Open nkissebe opened 1 year ago
It should be easy to see in the UI if a table uses the same ROMs as another table. A table using a rom can never be considered a an original.
Also "Original" for a recreation of an actual Pinball table is a misnomer to say the least. It falsely advertises the table as the brainchild of the Vpin creator and gives the wrong impression on where the table stems from This is applies particularly to the more recent "NOROM" tables.
Not sure I fully agree with either statement. I think the problem is everything becomes a Mod and the designation becomes meaningless. I like the term within a game title to know someone did their thing to improve it or do something a little different. But if the change is enough to give it a new title then I think a different designation is needed (retheme, conversion).

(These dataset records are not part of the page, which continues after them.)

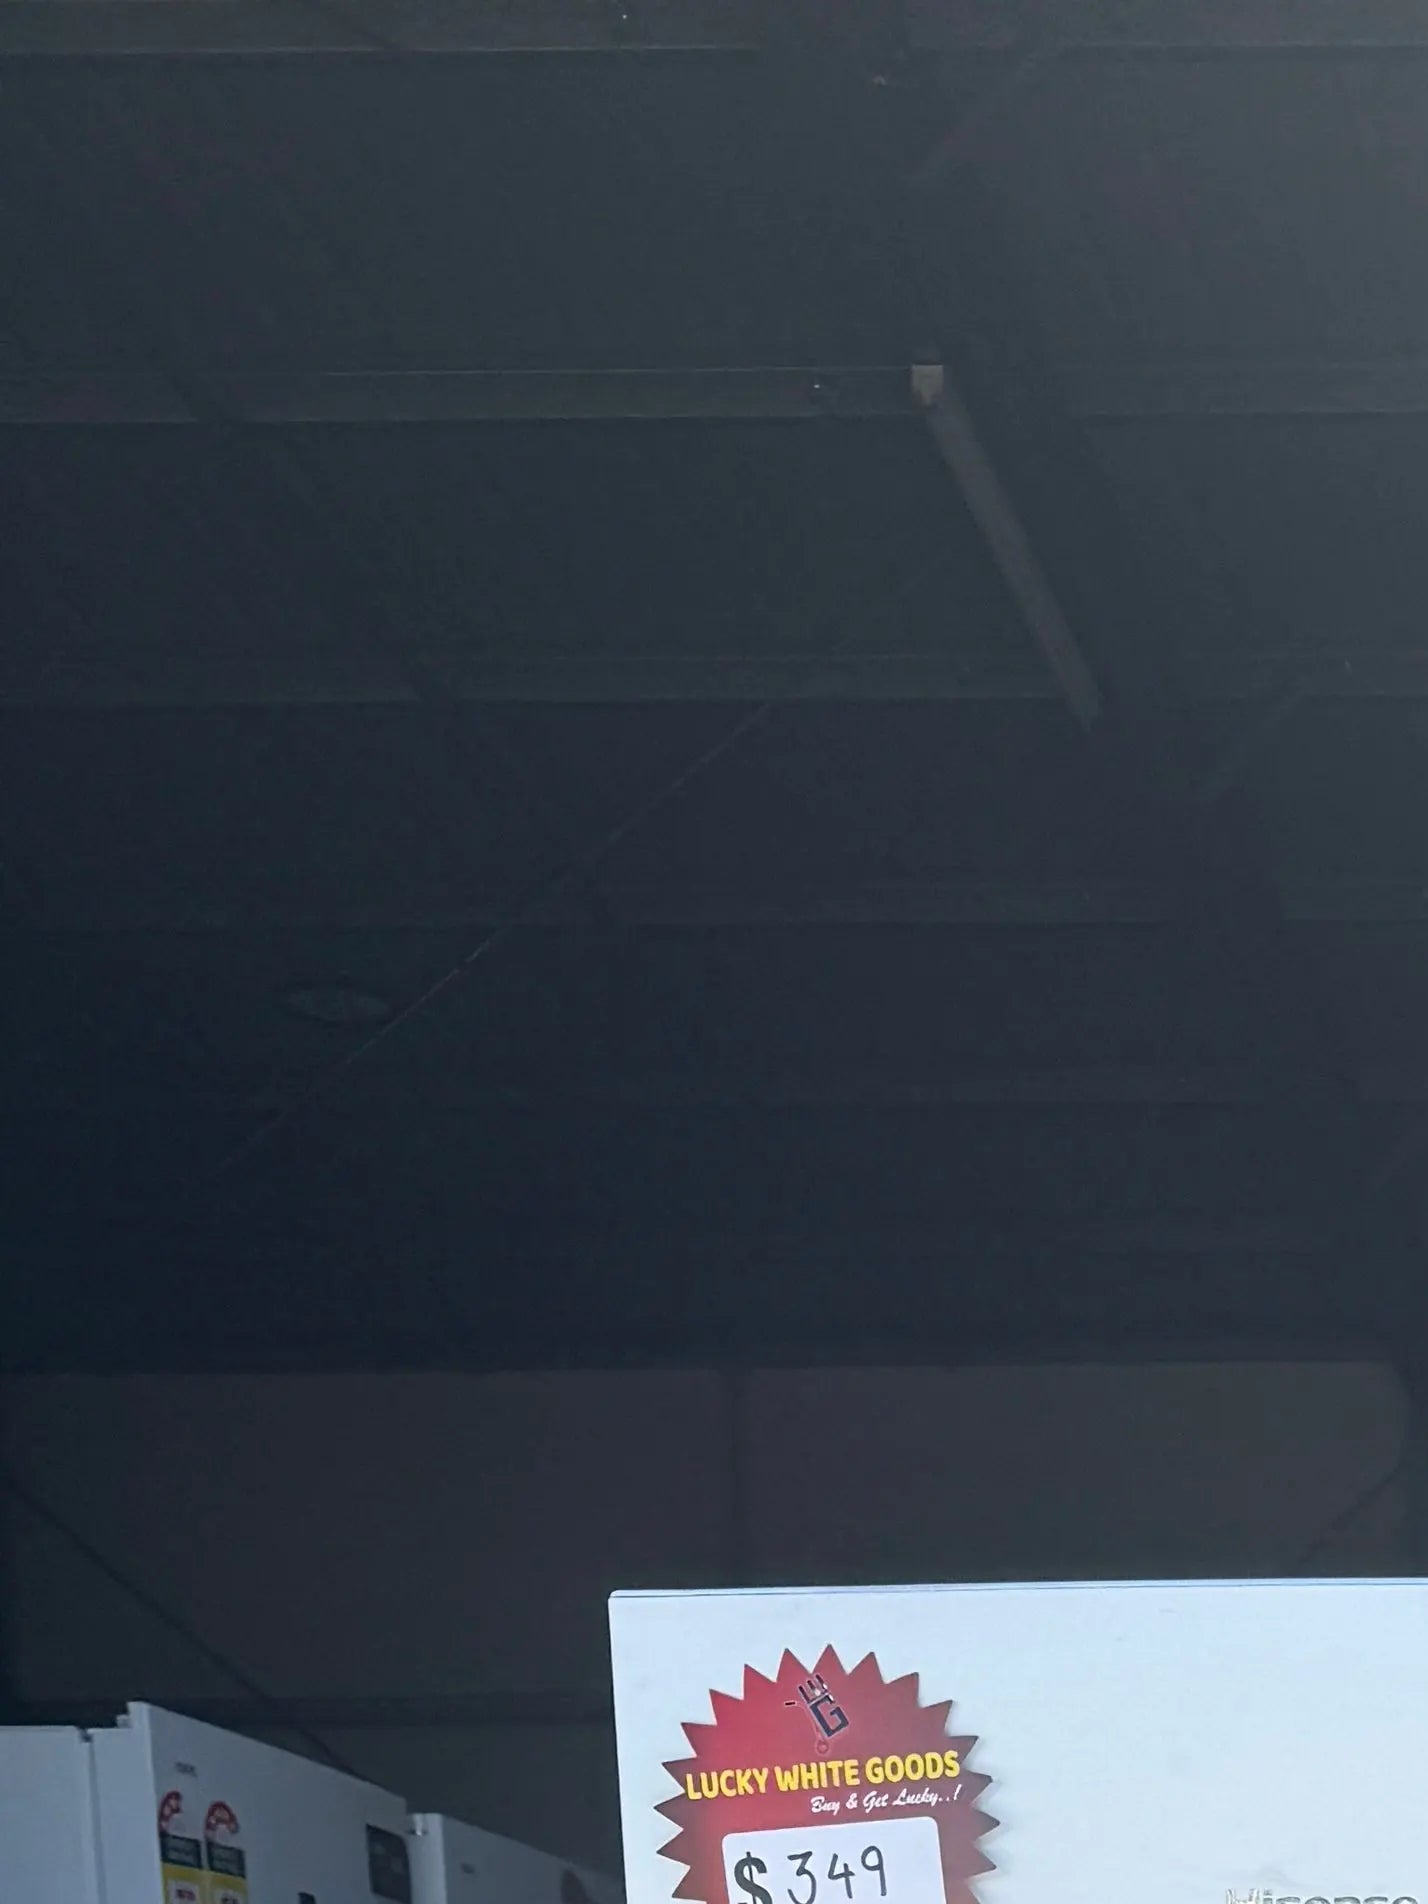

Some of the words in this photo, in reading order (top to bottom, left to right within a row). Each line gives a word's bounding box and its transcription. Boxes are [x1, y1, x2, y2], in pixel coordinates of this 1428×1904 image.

[685, 1767, 769, 1801] LUCKY
[774, 1758, 861, 1793] WHITE
[864, 1749, 961, 1785] GOODS
[810, 1795, 841, 1816] Buy
[846, 1793, 858, 1811] &
[863, 1791, 889, 1815] Get
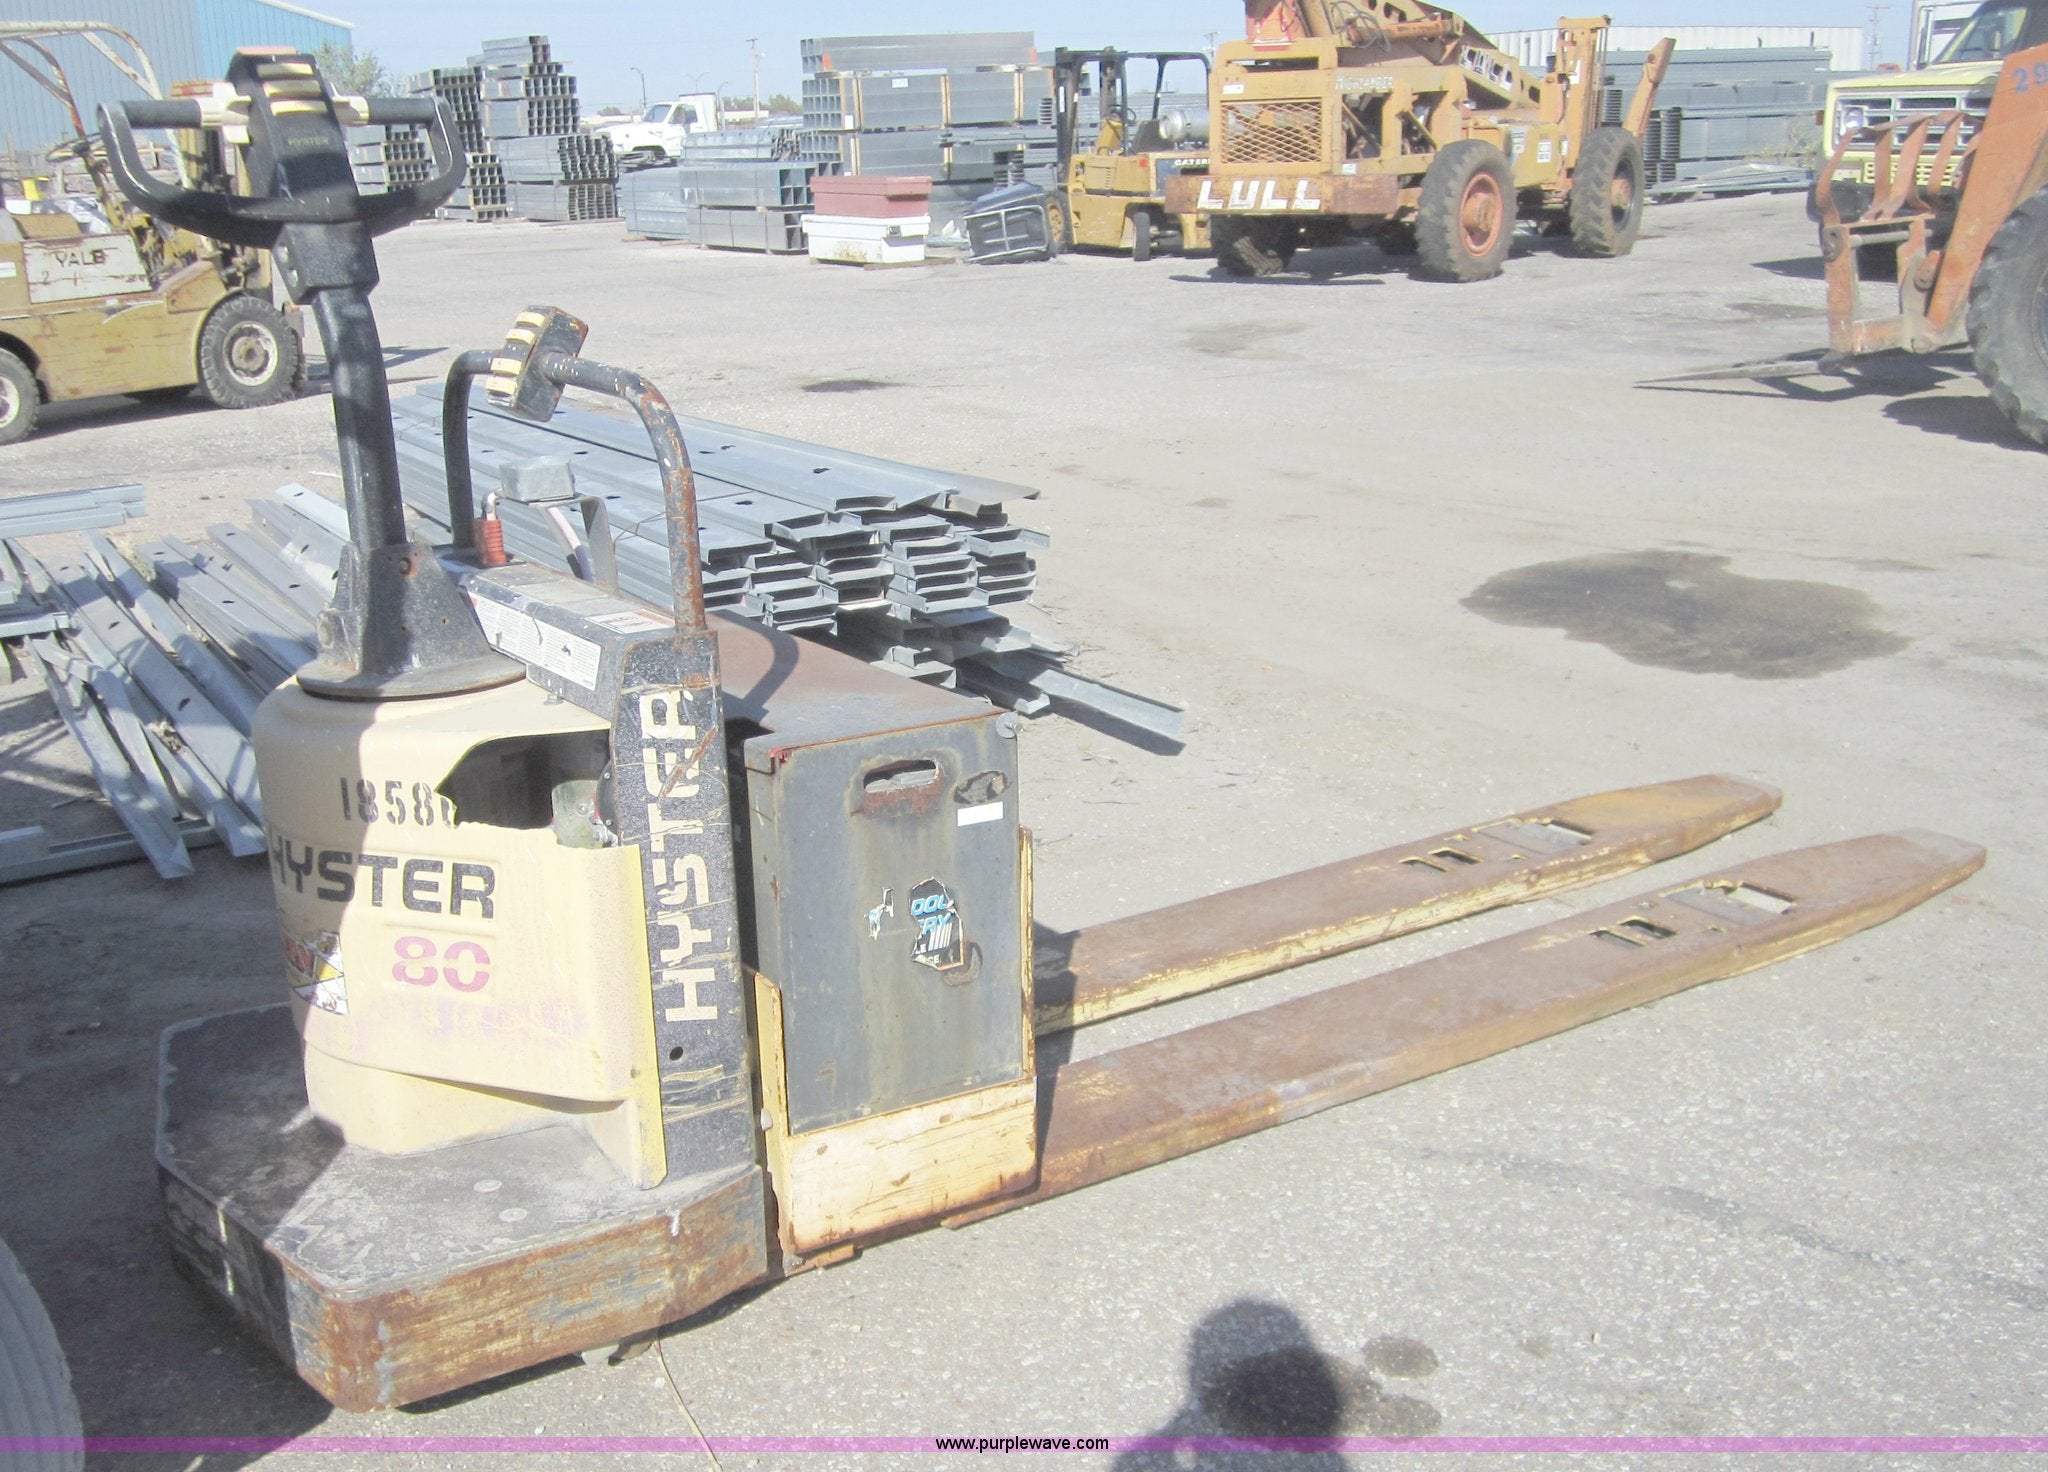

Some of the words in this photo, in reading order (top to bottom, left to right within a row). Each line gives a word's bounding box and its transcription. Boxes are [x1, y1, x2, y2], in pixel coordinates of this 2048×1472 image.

[1197, 180, 1321, 209] LULL
[269, 828, 495, 918] HYSTER
[639, 690, 718, 1022] HYSTER
[392, 936, 490, 993] 80

Original really just means its not an authentic recreation. I don't like anything to say (Stern 2005) unless its an actual attempt of some kind of recreation. If you throw different art on the table then its not that (Stern 2005) table. Now if its different art but of the same theme... then I don't know, gets pretty iffy to me.
Additional feature selector. I think a Mod should be a modification of a table within the title you are looking at. For other table modifications I thinking calling it RETHEME would be a more useful designation.
IPDB defines it as
Re-themed Game — A game for which the artwork was completely changed into another game with no intended connection to the first game, usually by completely stripping and then repainting the cabinet, playfield, and backglass, turning it into a custom one-of-a-kind game and given a new name. Typically, the mechanisms and game operation are not altered.
The other use case is just that someone used a table as a starting point to build another one. That might be more a CONVERSION. The reason we might care is in the options you have for exporting to CSV. Putting a MOD tag in the filename for rethemes and conversions is confusing.